[Material for this task]

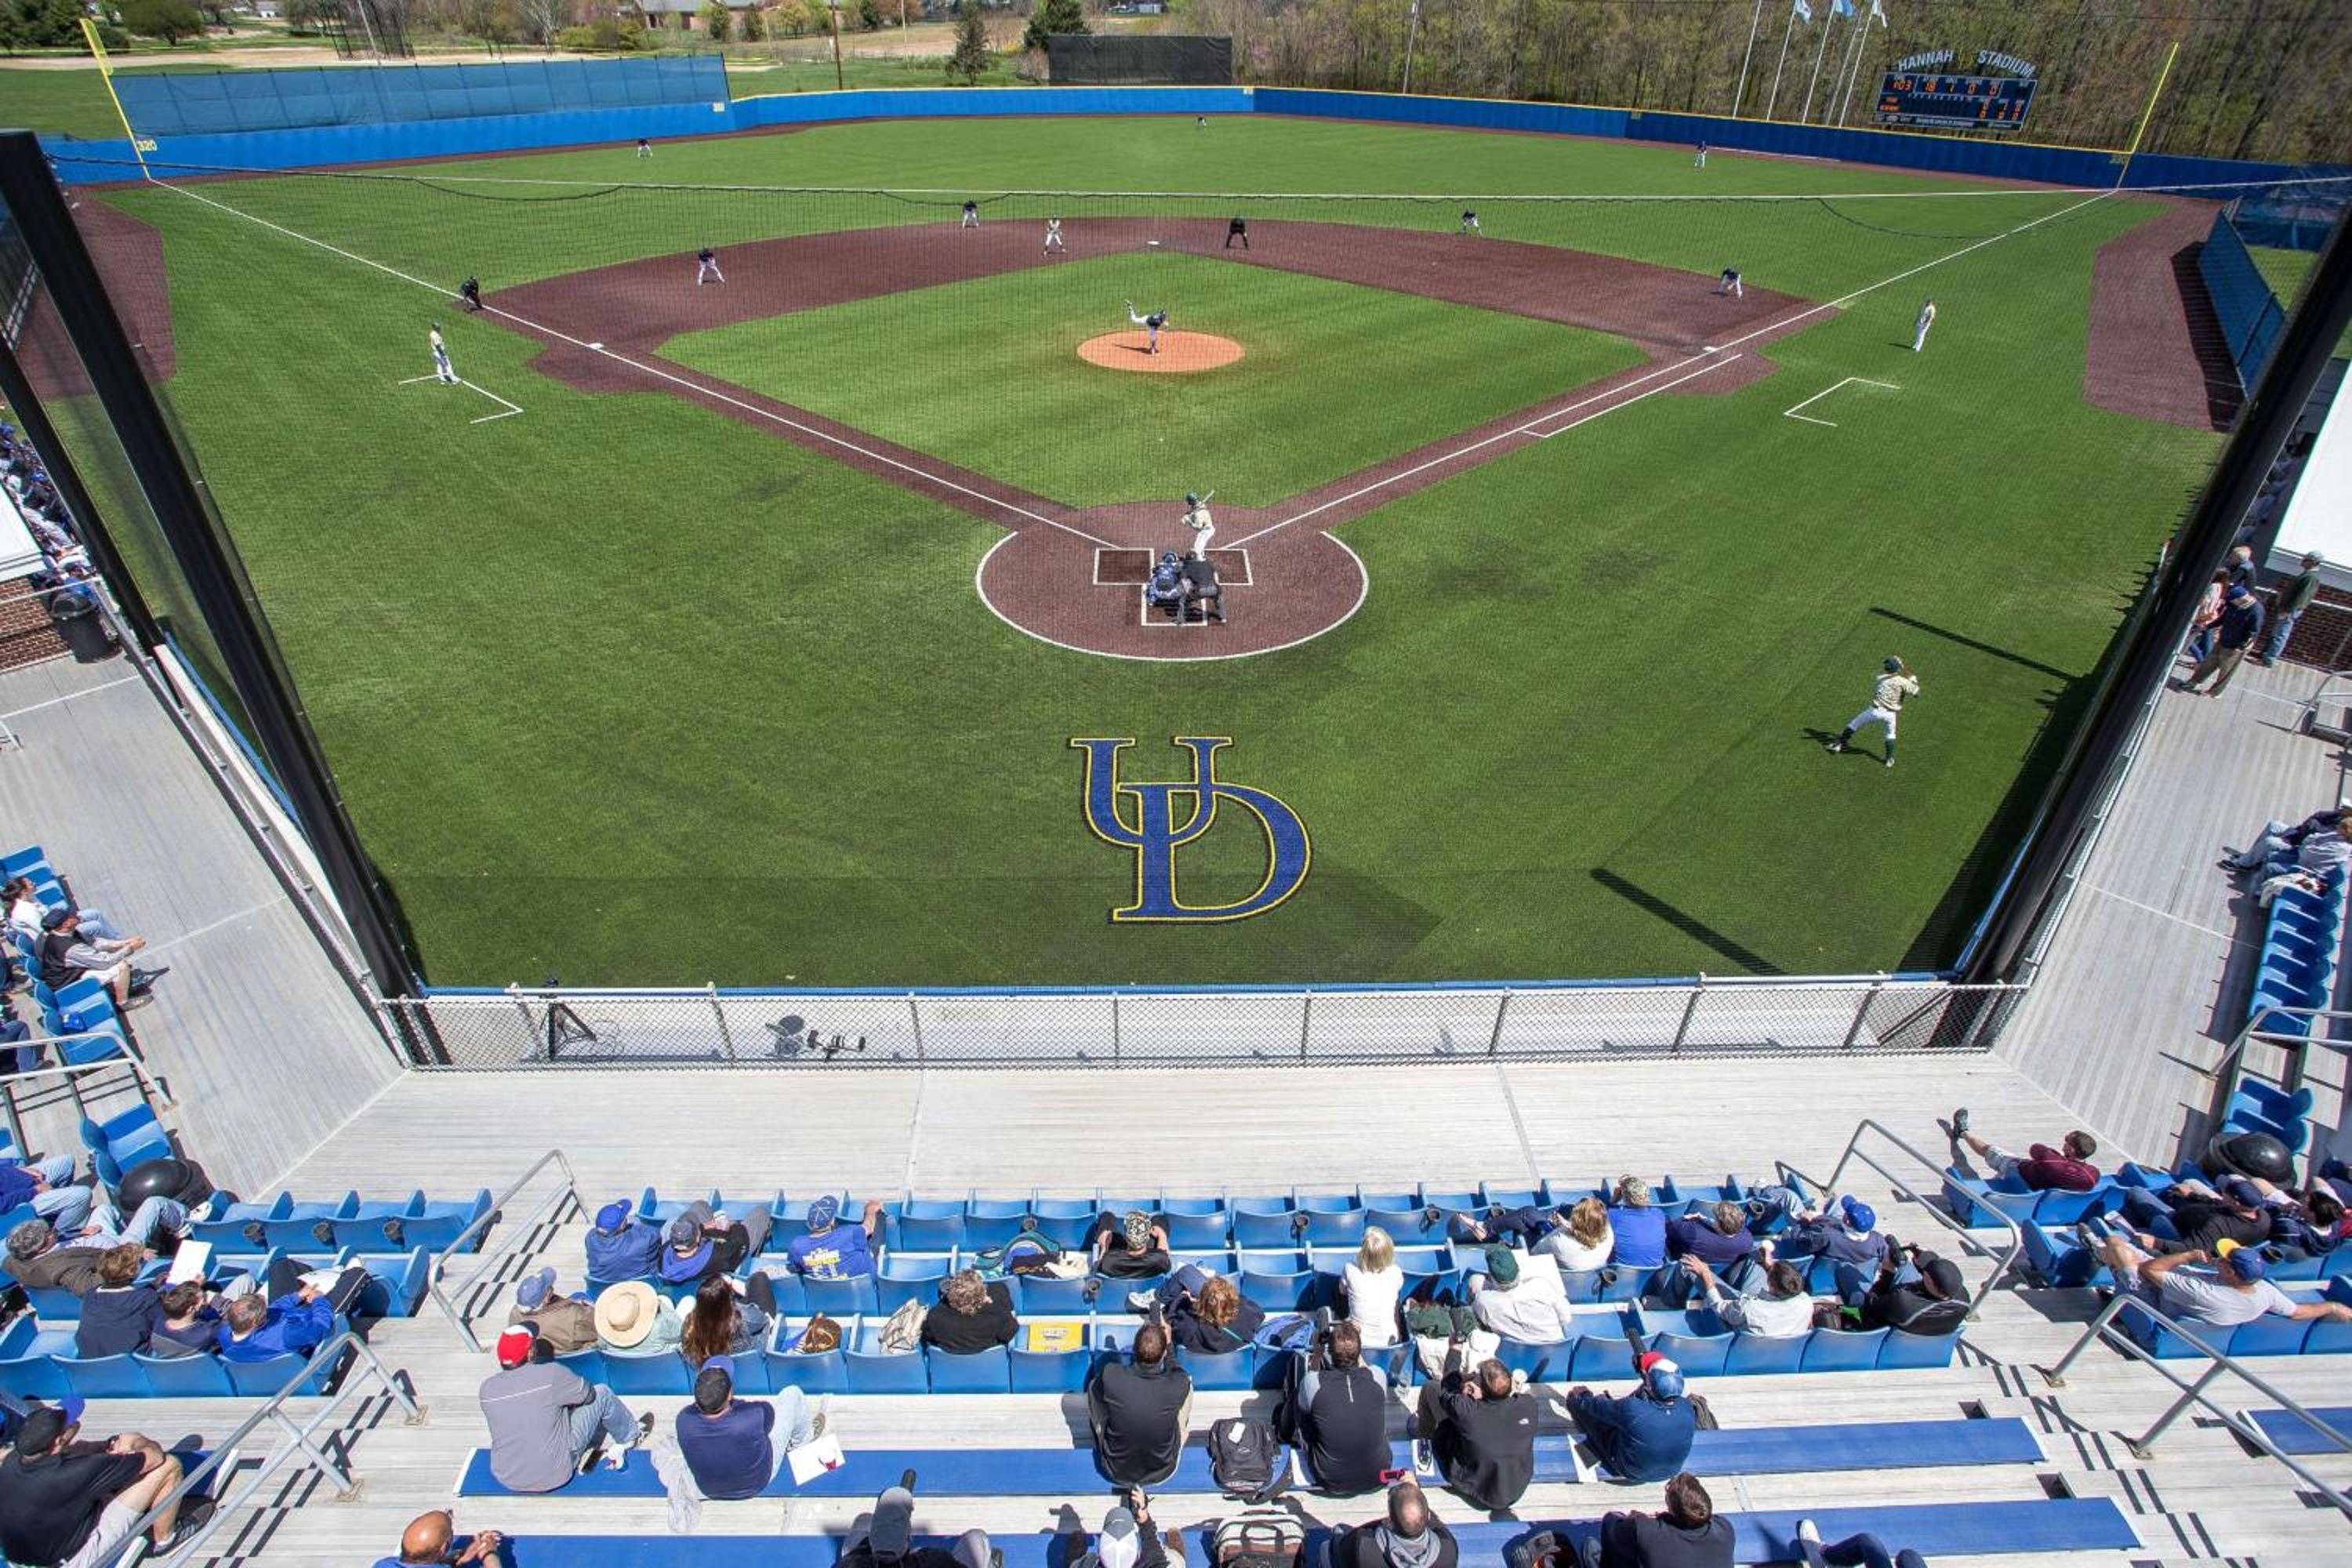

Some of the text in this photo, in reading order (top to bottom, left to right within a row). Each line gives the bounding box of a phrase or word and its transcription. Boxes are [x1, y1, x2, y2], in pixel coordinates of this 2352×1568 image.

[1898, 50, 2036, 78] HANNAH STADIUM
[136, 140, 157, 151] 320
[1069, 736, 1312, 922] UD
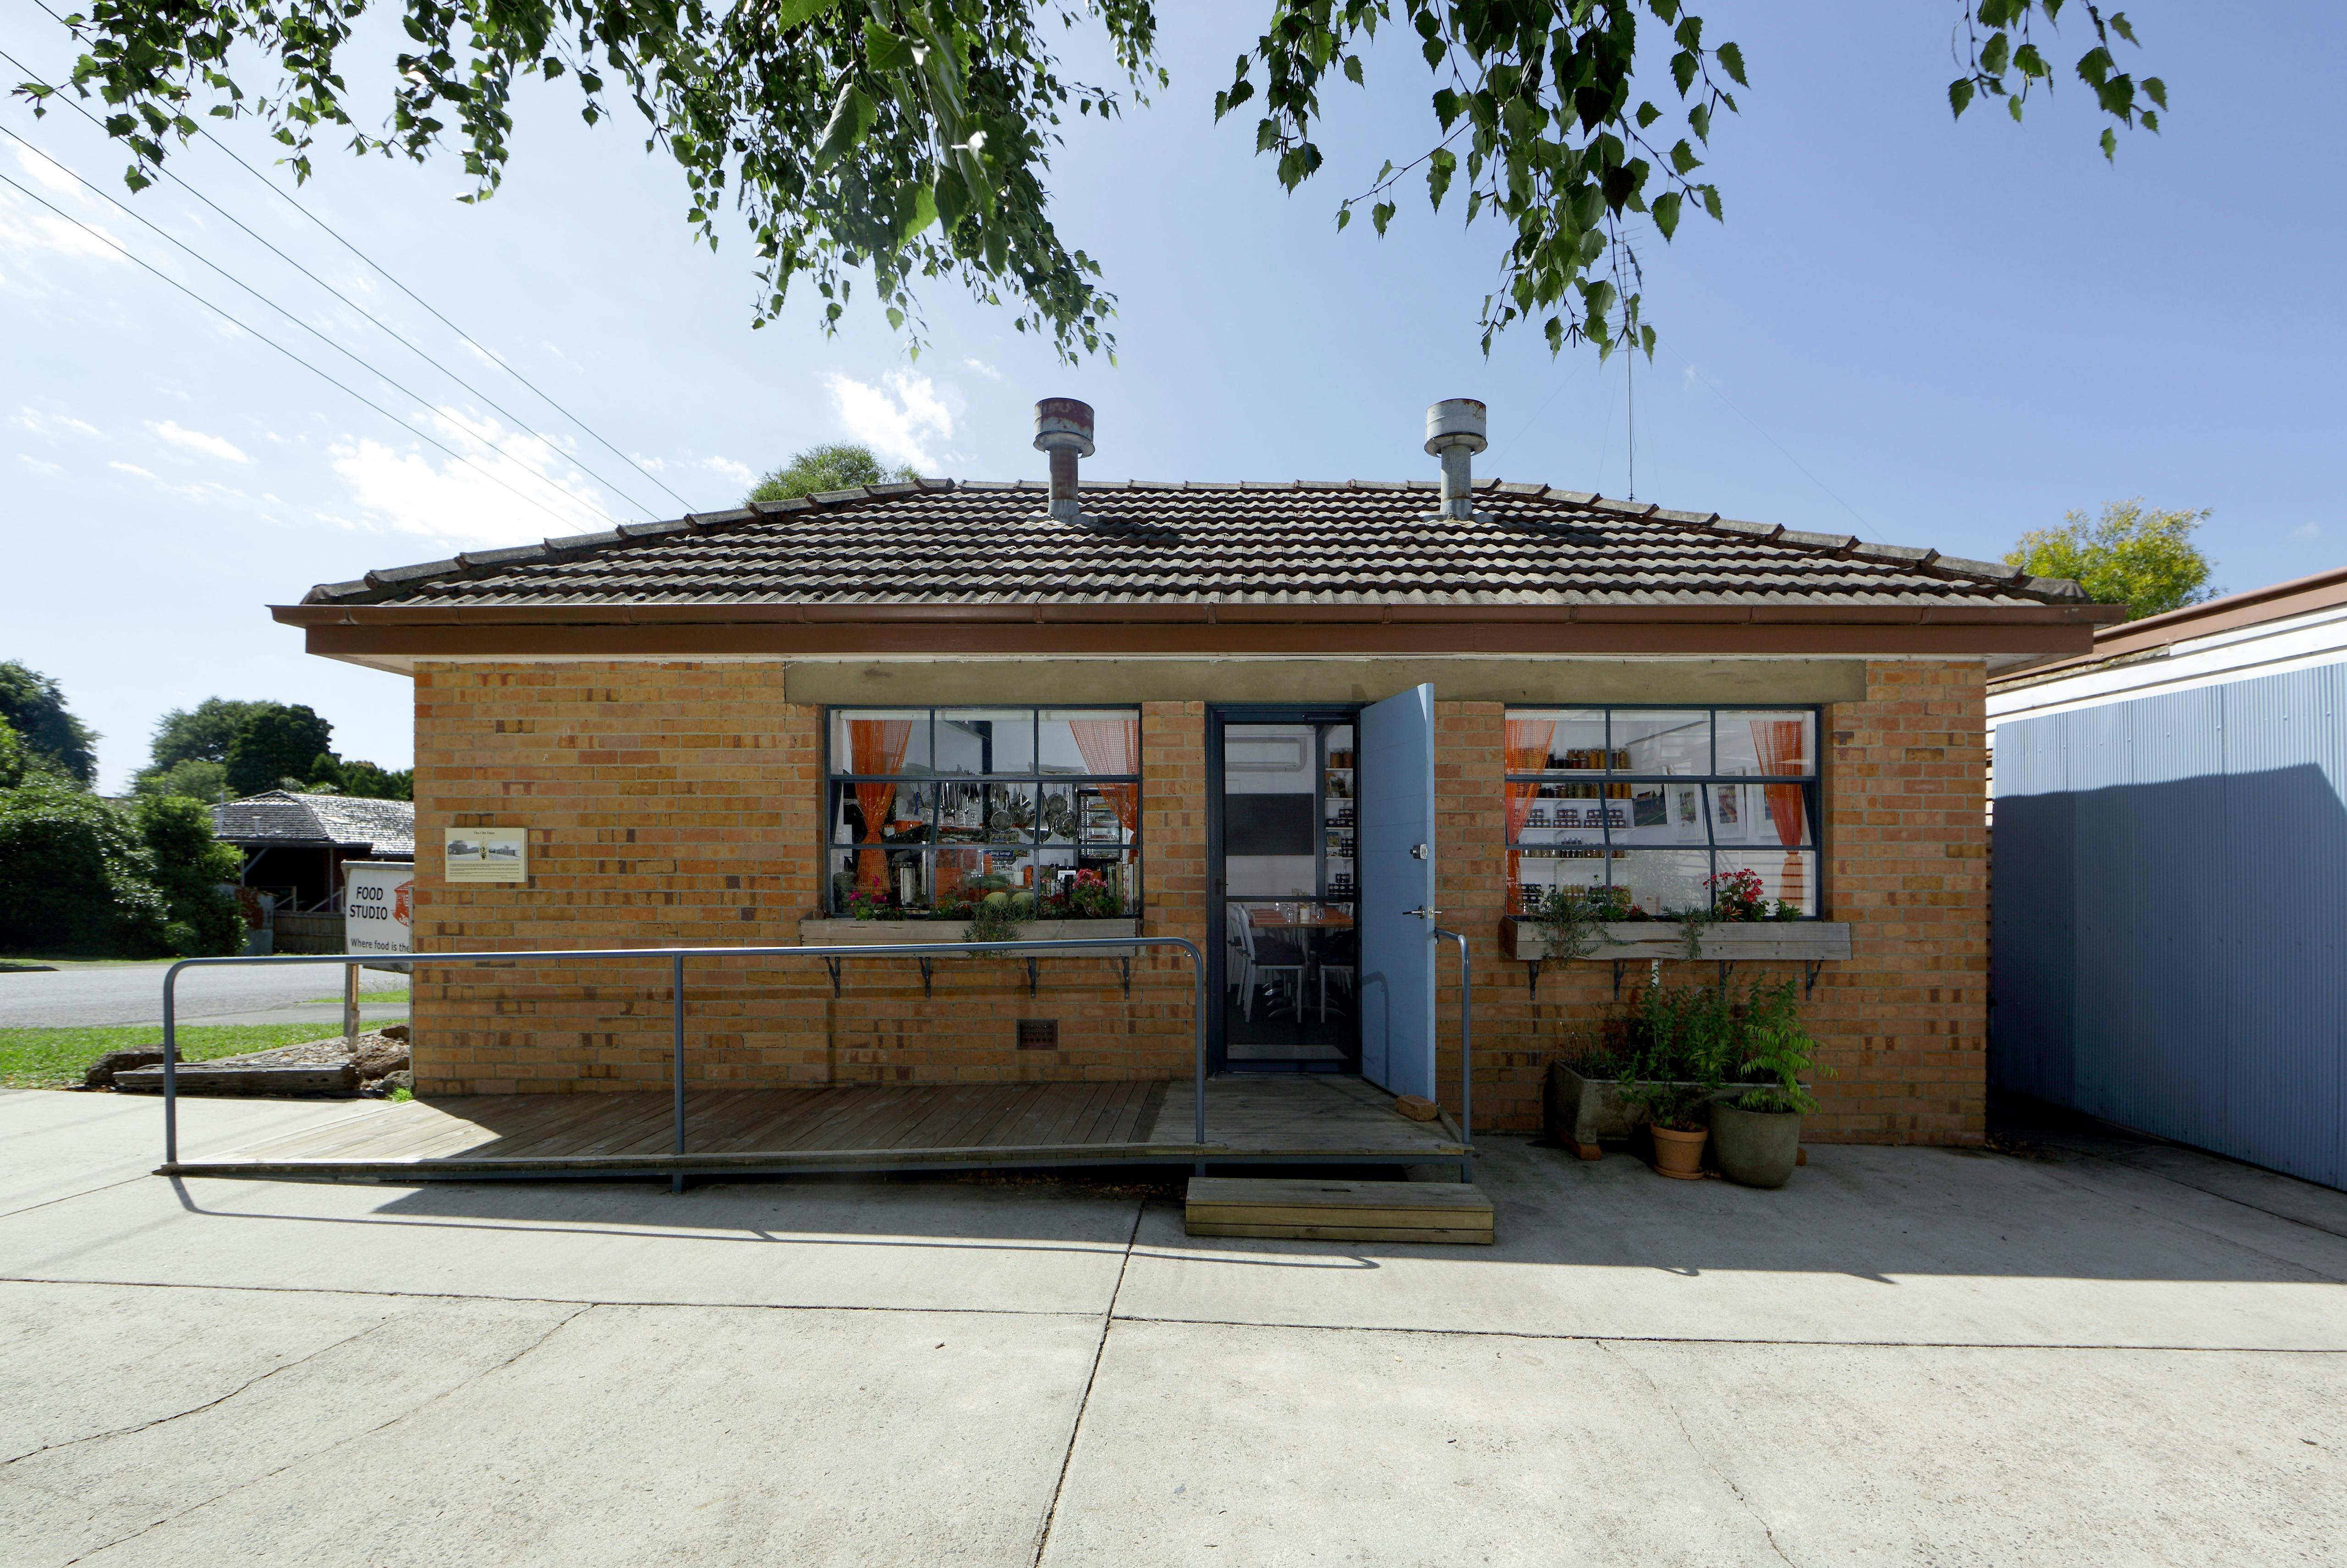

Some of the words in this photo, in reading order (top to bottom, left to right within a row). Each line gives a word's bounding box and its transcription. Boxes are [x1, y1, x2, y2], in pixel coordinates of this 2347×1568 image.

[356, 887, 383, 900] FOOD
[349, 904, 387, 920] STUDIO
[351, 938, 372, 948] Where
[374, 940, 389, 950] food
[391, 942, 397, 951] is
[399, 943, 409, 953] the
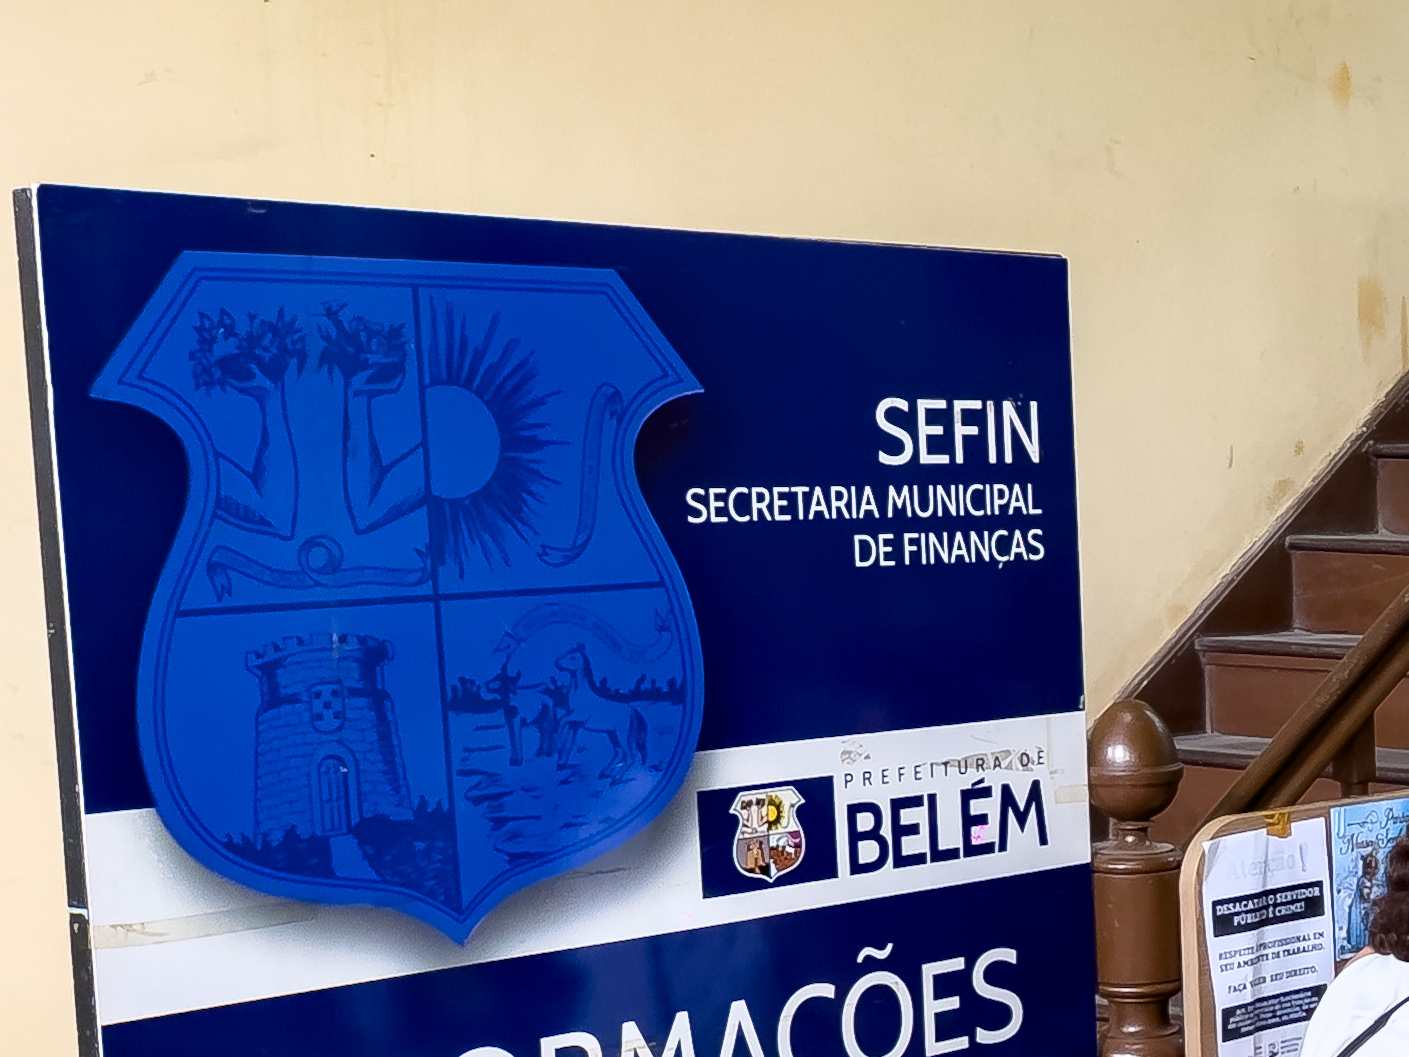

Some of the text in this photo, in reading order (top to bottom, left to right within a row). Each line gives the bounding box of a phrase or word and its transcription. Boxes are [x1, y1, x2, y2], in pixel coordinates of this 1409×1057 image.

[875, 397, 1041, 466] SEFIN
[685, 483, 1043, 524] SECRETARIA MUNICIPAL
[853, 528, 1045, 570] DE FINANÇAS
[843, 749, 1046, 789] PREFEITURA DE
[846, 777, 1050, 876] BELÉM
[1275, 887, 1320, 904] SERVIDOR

[/Material for this task]

Task brief: Search the data for "this 1409×1057 image.". Beginning with that line, set down every line through the last exactly.

Task response:
Some of the text in this photo, in reading order (top to bottom, left to right within a row). Each line gives the bounding box of a phrase or word and its transcription. Boxes are [x1, y1, x2, y2], in pixel coordinates of this 1409×1057 image.

[875, 397, 1041, 466] SEFIN
[685, 483, 1043, 524] SECRETARIA MUNICIPAL
[853, 528, 1045, 570] DE FINANÇAS
[843, 749, 1046, 789] PREFEITURA DE
[846, 777, 1050, 876] BELÉM
[1275, 887, 1320, 904] SERVIDOR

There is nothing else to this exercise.